It will definately be the new me. No doubt about that. The reality is that we have children together so we will be in each others life for some period of time. I think I will be okay. The funny thing about all of this is that it now is such a business deal. IMO, instead of this being about the kids, it ends up being about money. I know she feels like a victim (that what she herself has said) and feels entitled to everything that she can get her hands on. My challenge is to do what is right and not as I've heard someone say..."fall on her D sword". As for my babies, they will be fine. They will have challenges that they will need to face - things will be different. Change is a natrual process that we all must embrace.

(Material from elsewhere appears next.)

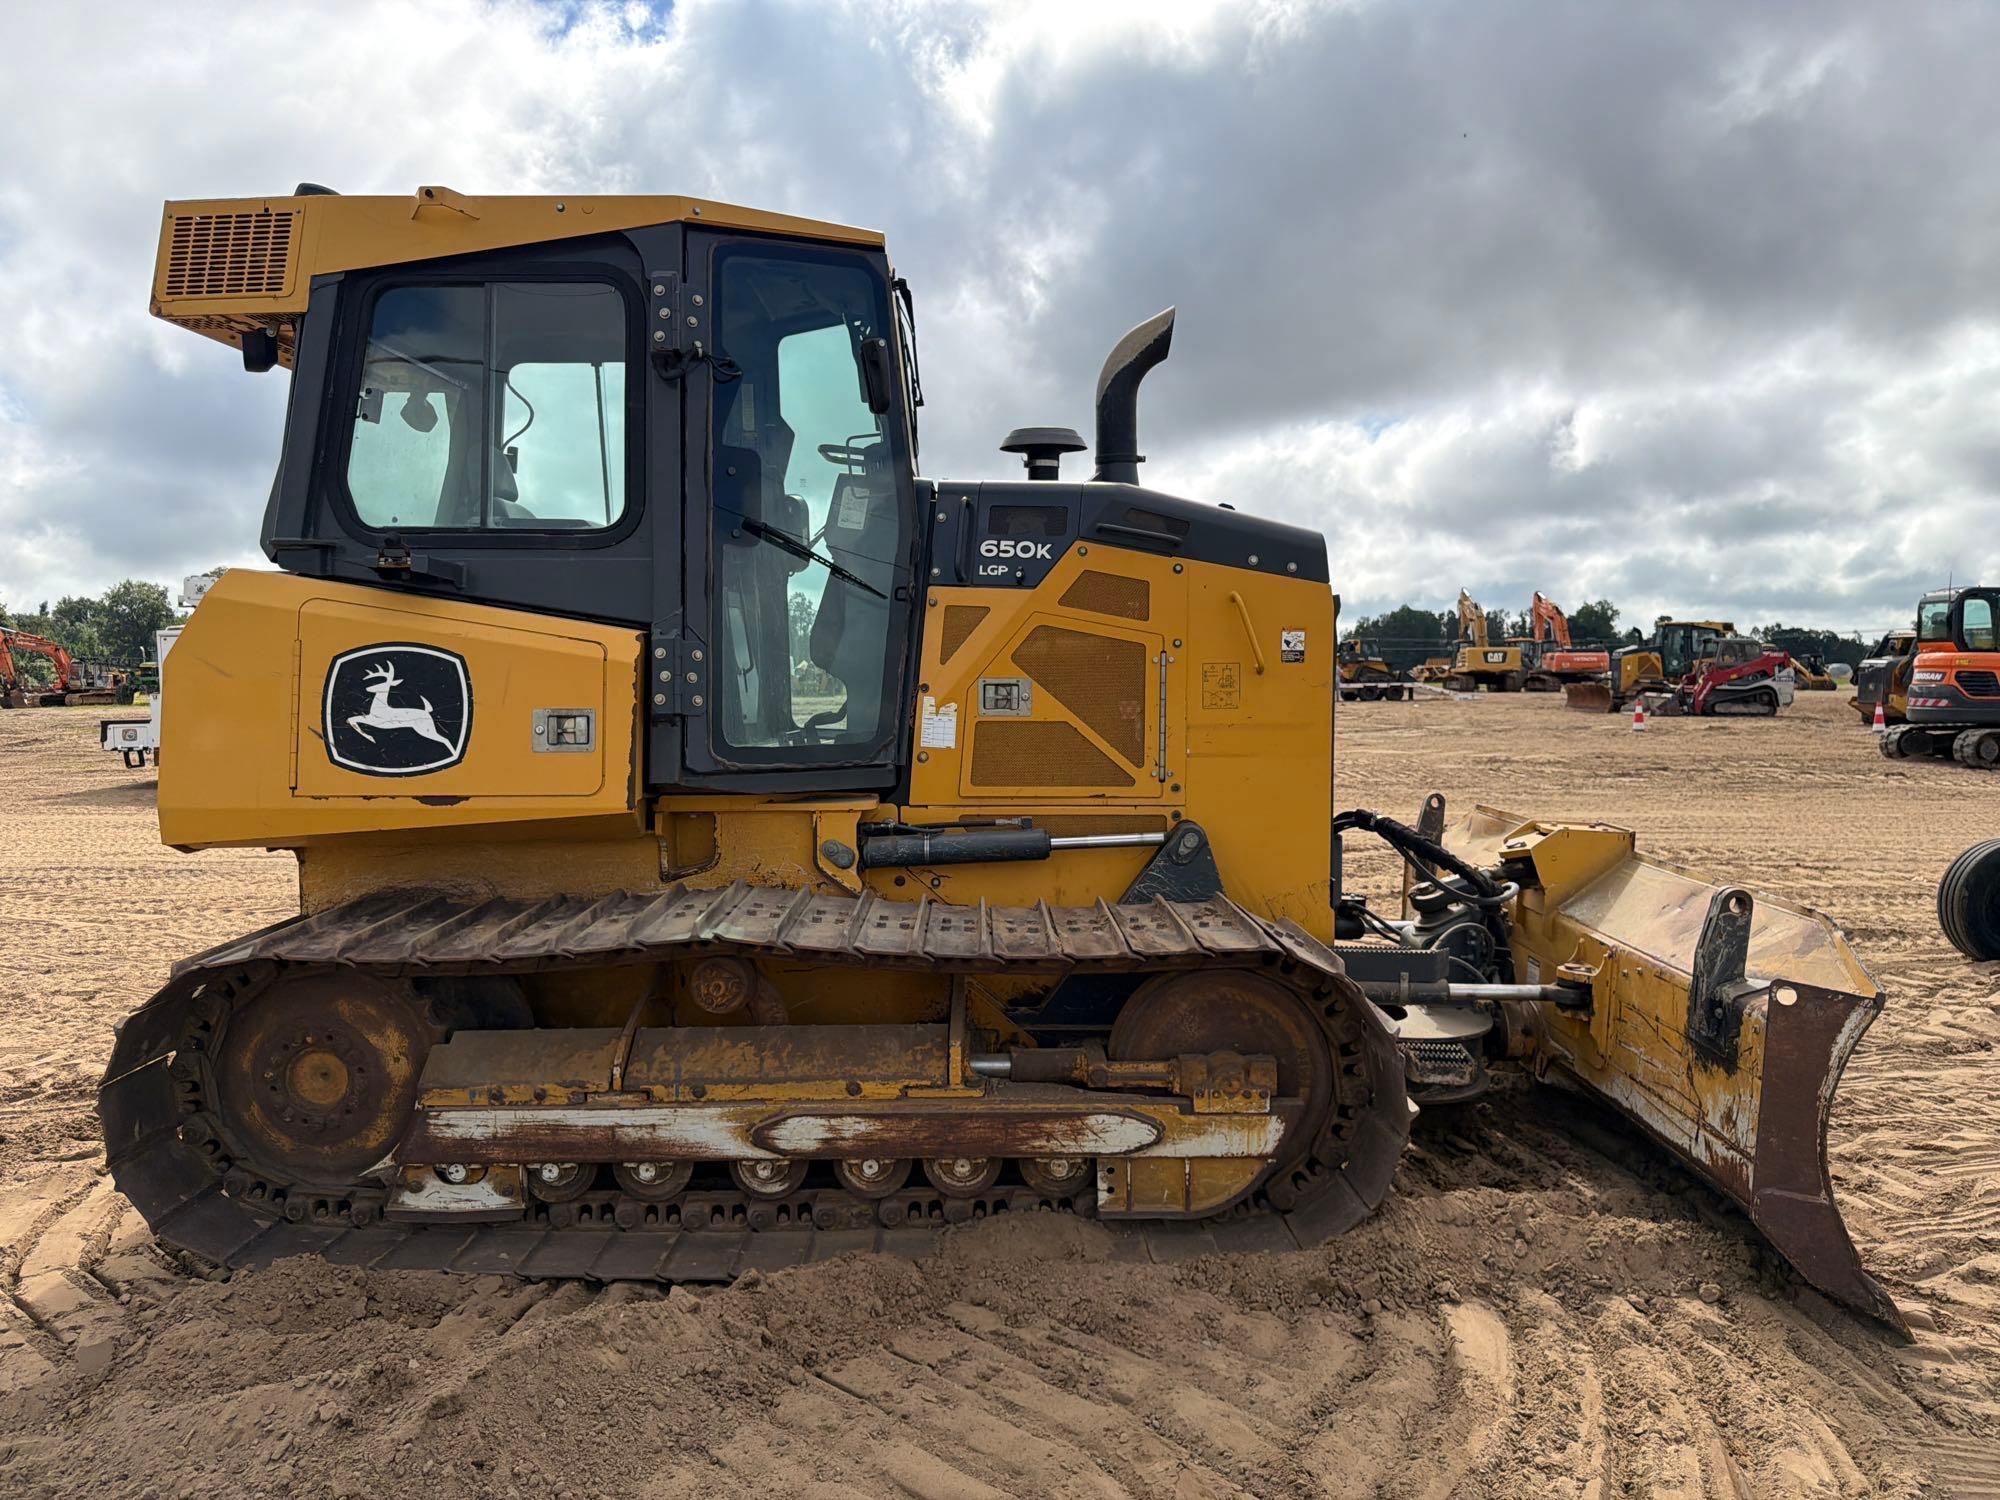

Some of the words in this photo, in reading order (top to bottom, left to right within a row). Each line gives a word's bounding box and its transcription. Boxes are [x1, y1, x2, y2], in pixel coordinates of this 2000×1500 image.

[980, 540, 1052, 559] 650K
[979, 565, 1008, 576] LGP
[1487, 652, 1503, 662] CAT
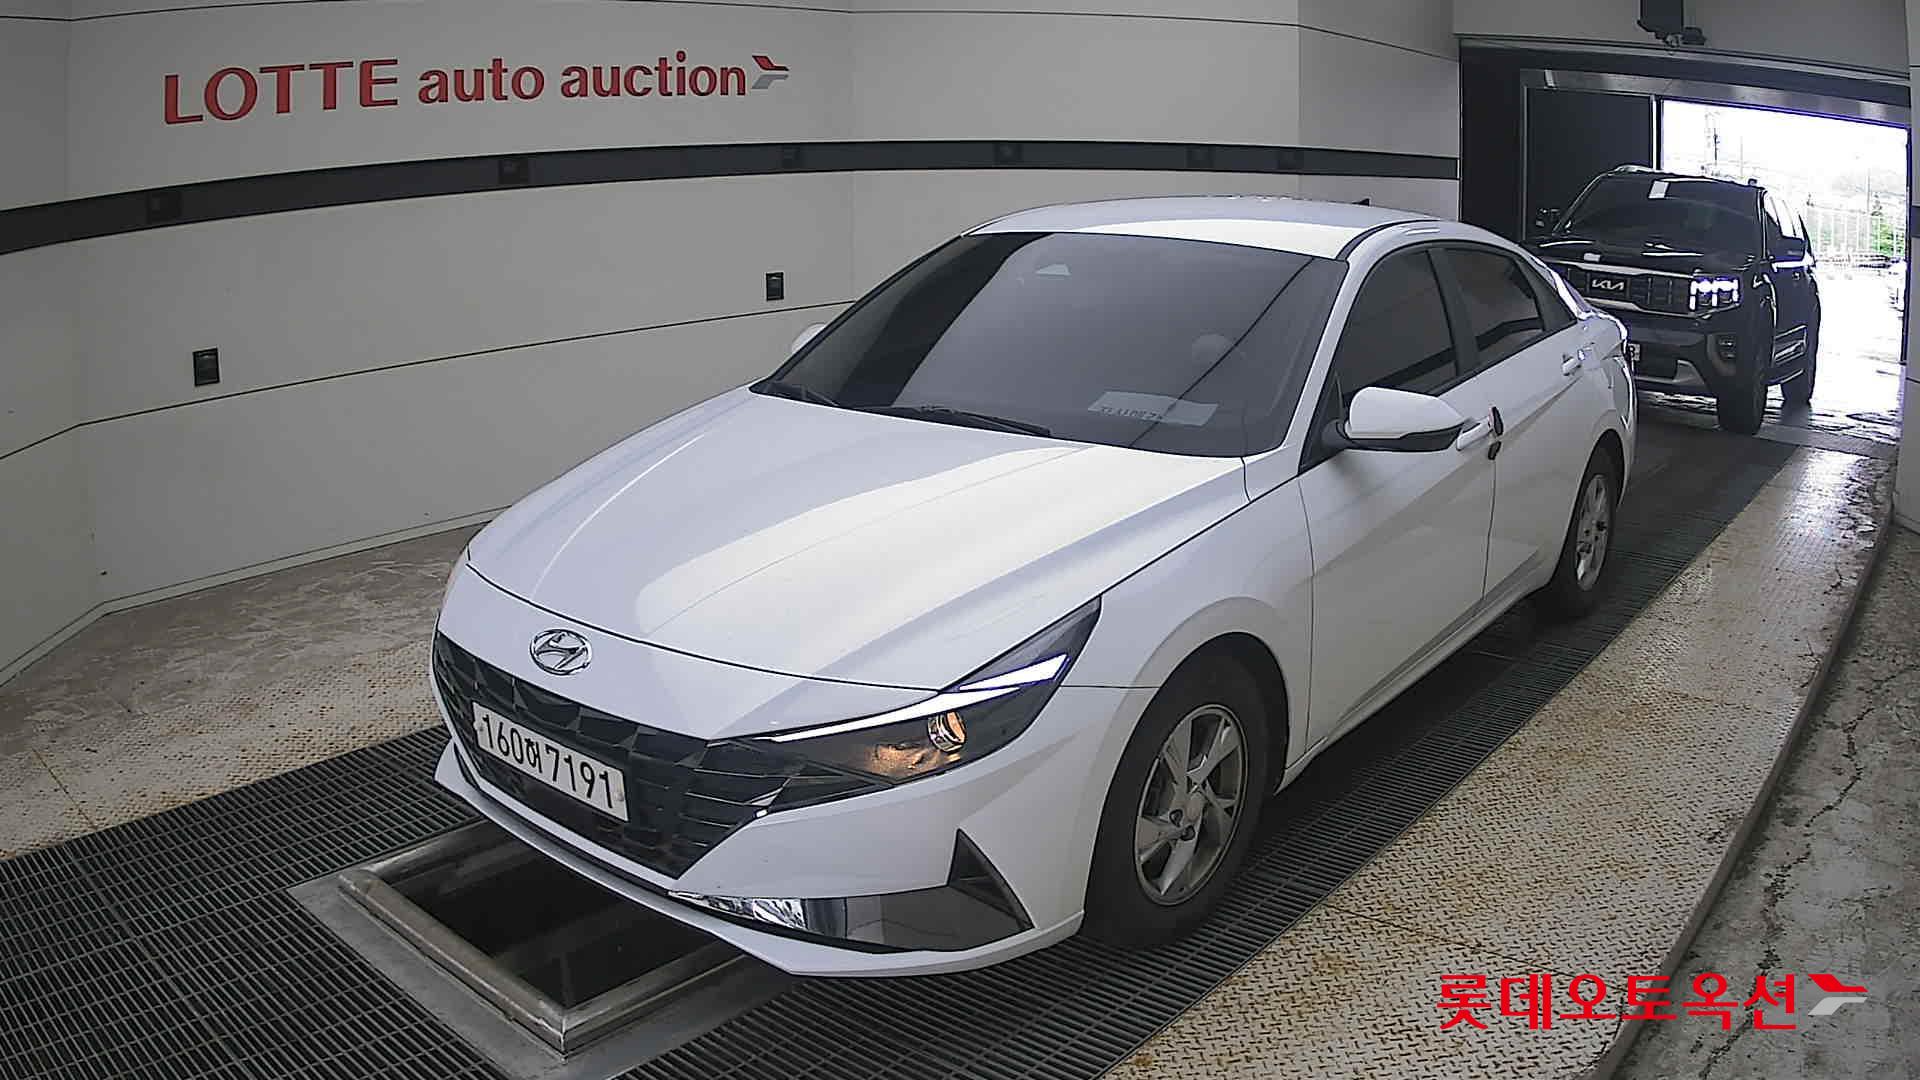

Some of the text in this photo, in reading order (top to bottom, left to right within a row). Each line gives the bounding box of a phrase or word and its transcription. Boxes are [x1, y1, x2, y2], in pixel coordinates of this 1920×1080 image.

It's funny I feel like a kid who knows he needs to take his medicine cause it's good for him but doesn't want it right now.

The sense of entitlement is fustrating but something that I have no control over. I still wonder if she will ever move past this, while at the same time asking myself does it really matter. I do not know what my W will be like after all of this. I know I will be better, stronger and wiser. I have accepted that I own my issues and she owns hers. I still pray that one day she realizes that I truly love her.

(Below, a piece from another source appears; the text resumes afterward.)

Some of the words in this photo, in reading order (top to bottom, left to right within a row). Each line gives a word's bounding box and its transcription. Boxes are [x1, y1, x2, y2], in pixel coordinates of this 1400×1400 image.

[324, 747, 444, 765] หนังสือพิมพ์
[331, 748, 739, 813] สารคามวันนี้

As for drinks...yep...I'll definately have a few.

Shelbel - how did you know about Mach tiara? Don't answer smile and did you see the wings in my closet? Have you been to CT lately peeking in some windows smile

As for keeping my cool - i know I can do that. If things start to get uncomfortable the boundary comes up and a simple "I'm sure your L can help you" will come out of my mouth.

Jack - as for staying in the same house - yes it is tough. It is tough knowing that she is fu*king someone else and then coming home with a sh*t eating grin on her face and saying hi to the kids - "sorry mommy is late she was working". I know...it is anger...I know...

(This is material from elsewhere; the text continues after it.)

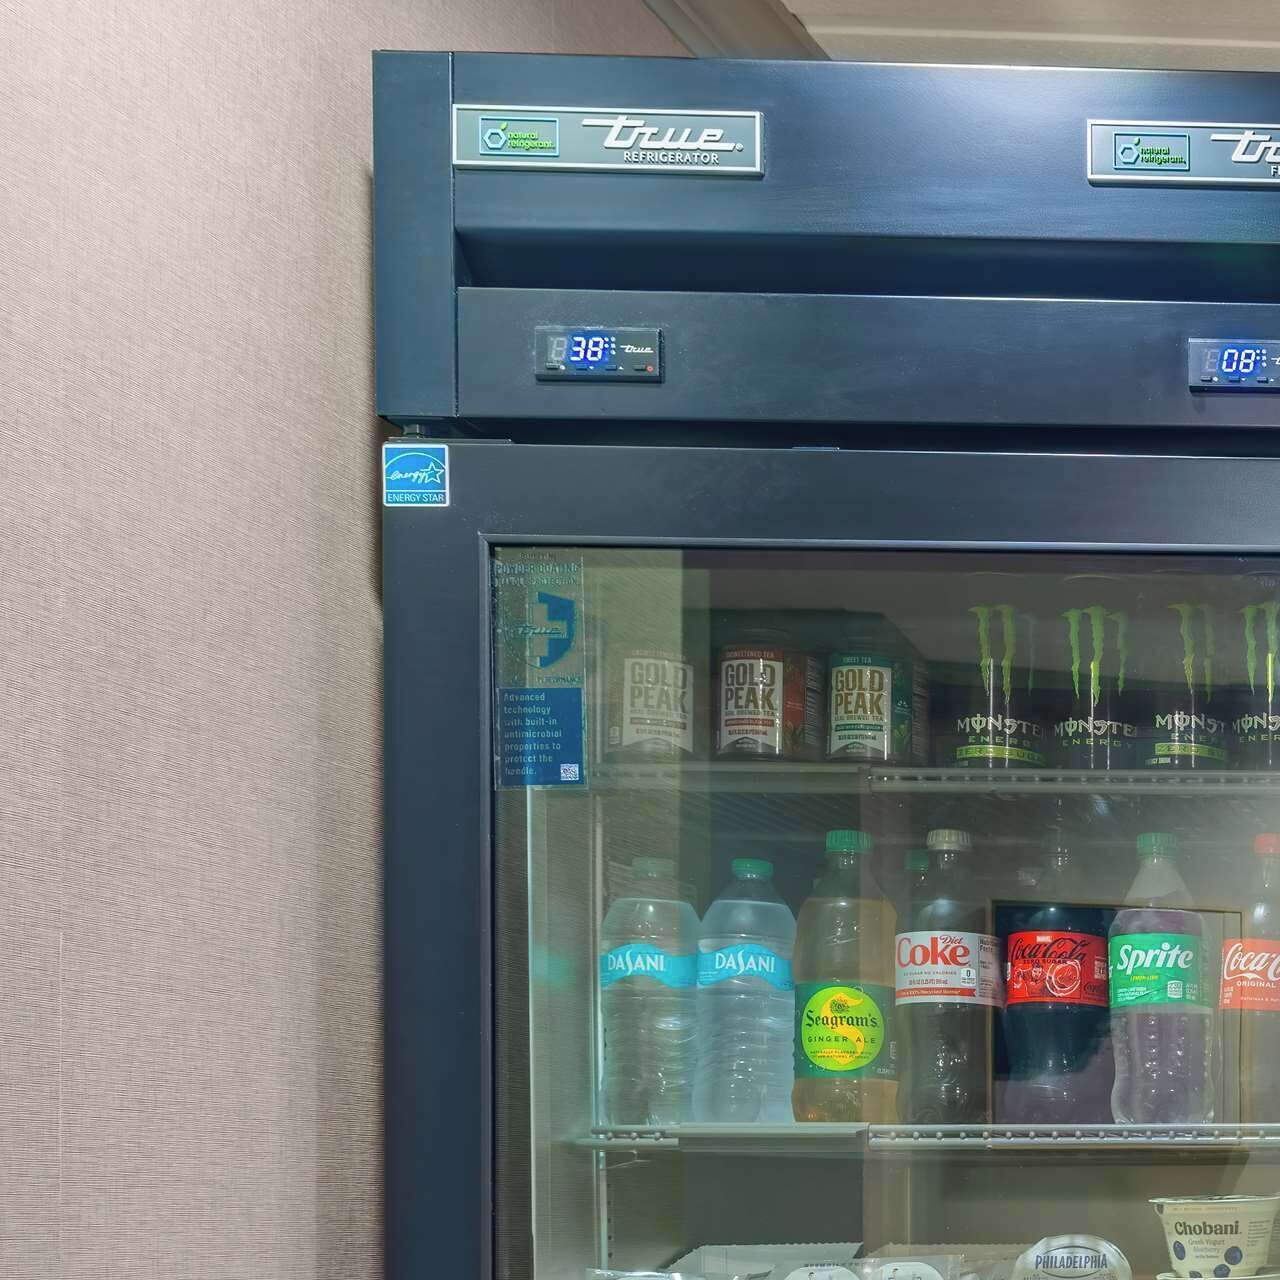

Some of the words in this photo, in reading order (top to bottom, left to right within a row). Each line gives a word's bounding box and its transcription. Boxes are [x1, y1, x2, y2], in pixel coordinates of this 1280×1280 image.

Being in the house has one advantage. I really get to see the kids everyday. The positive in all of this (yes for those newbies that are reading this...there is ALWAYS a positive - you just need to look for it) is the R that has formed between my kids and myself, especially D9. She is daddy's little girl and nothing that W does can/will change that. Another positive is the changes that have occured in me. Family is now the most important thing to me. Will the dynamics of our family change - yes. Can I say that I did EVERYTHING possible (including quite a few f*ck ups) to save my M. Yes!

I need to thing long and hard about remaining in the house. My original plan was to stay until April of next year. We appear to be very civil; however, it is difficult. It is truly like we are roomates. According to my IC - staying is the best for the kids. According to my heart - staying is the best for the kids. According to my spirit - leaving and letting go completely is best for ME. So I need to figure out which one I listen to.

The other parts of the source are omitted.